> _ACTION ITEM_
Exclude all pictures, then restate the entries below word for word.

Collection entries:
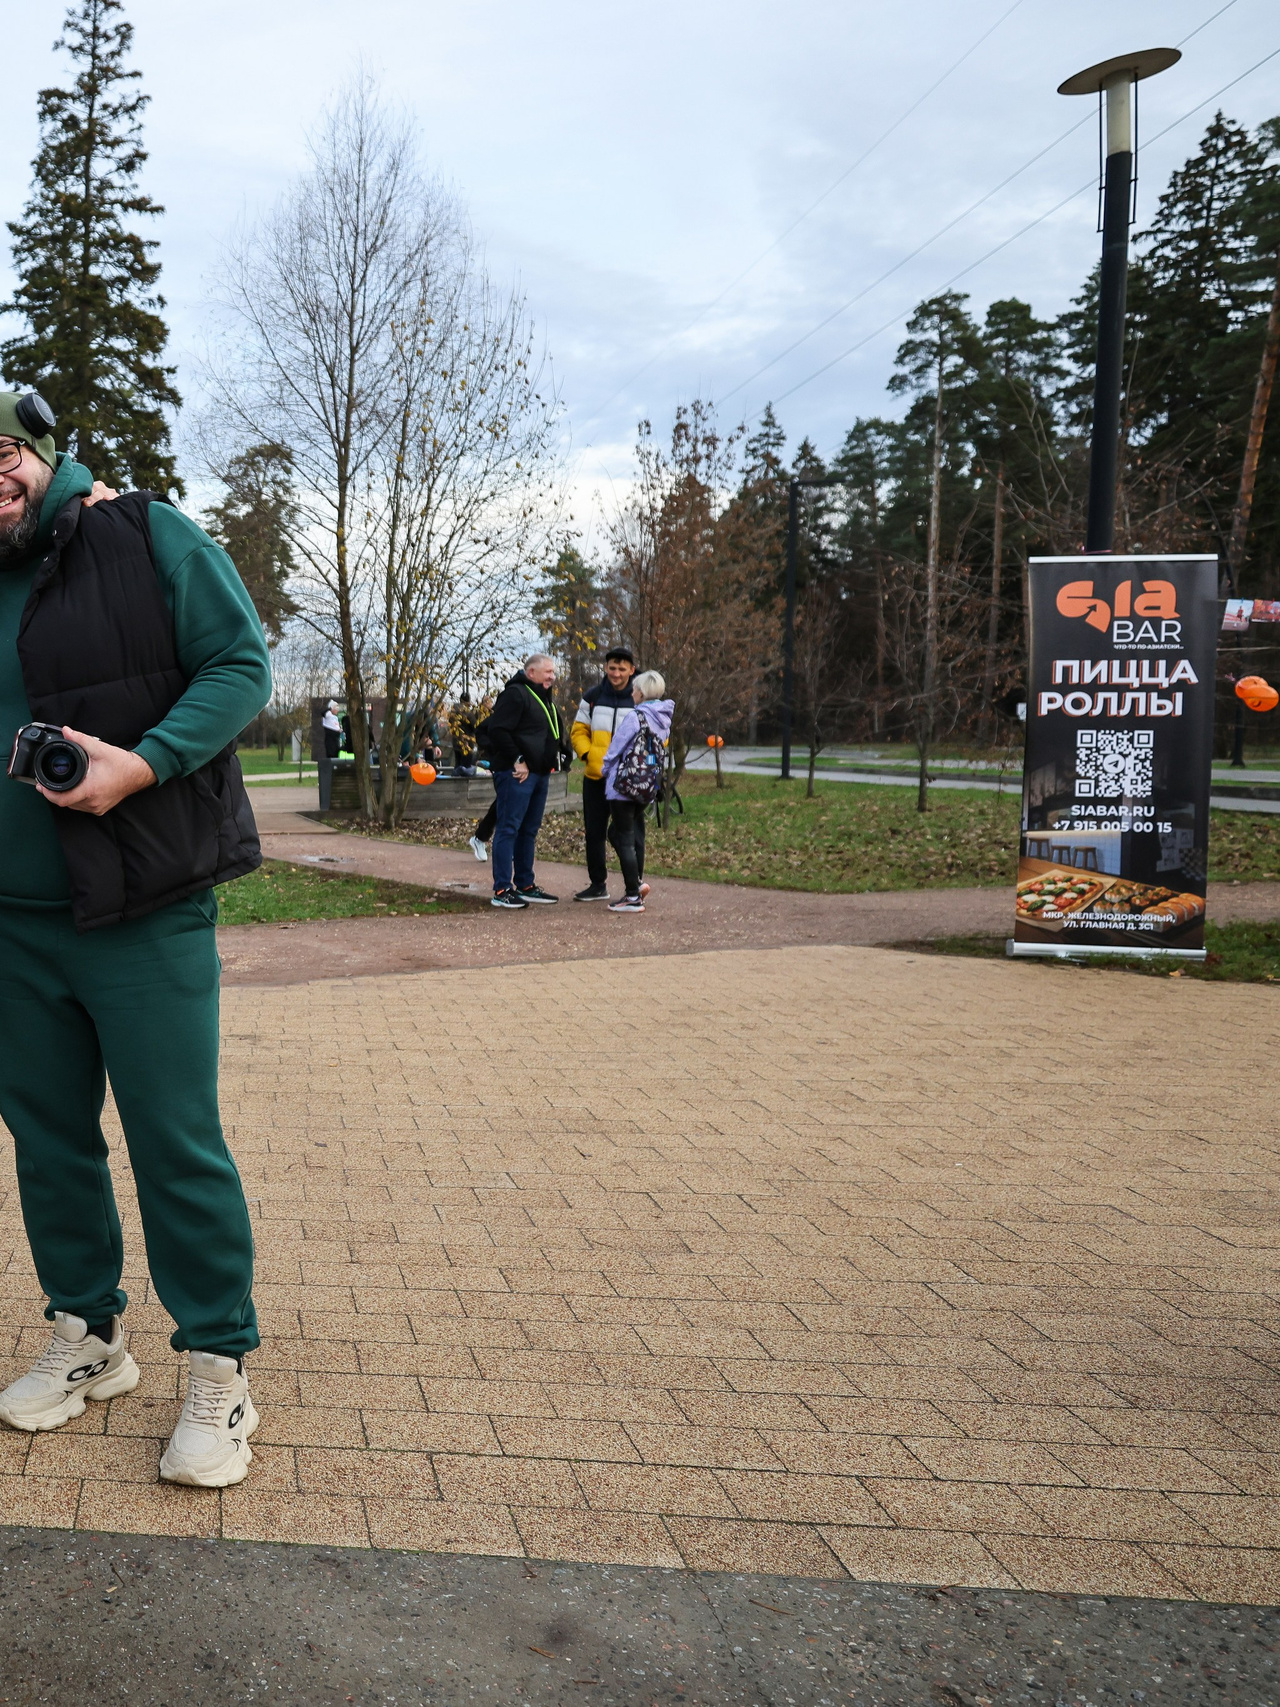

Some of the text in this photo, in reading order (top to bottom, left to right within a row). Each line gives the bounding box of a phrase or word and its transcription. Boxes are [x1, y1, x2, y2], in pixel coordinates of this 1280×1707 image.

[1112, 620, 1182, 643] BAR
[1052, 659, 1199, 690] ПИЦЦА
[1037, 691, 1184, 717] РОЛЛЫ
[1071, 805, 1155, 817] SIABAR.RU
[1052, 820, 1173, 833] +7 915 005 00 15
[1042, 911, 1177, 923] МКР. ЖЕЛЕЗНОДОРОЖНЫЙ,
[1080, 921, 1126, 930] ГЛАВНАЯ

> _SOLUTION TO THIS EXERCISE_
Some of the text in this photo, in reading order (top to bottom, left to right within a row). Each line gives the bounding box of a phrase or word and its transcription. Boxes are [x1, y1, x2, y2], in pixel coordinates of this 1280×1707 image.

[1112, 620, 1182, 643] BAR
[1052, 659, 1199, 690] ПИЦЦА
[1037, 691, 1184, 717] РОЛЛЫ
[1071, 805, 1155, 817] SIABAR.RU
[1052, 820, 1173, 833] +7 915 005 00 15
[1042, 911, 1177, 923] МКР. ЖЕЛЕЗНОДОРОЖНЫЙ,
[1080, 921, 1126, 930] ГЛАВНАЯ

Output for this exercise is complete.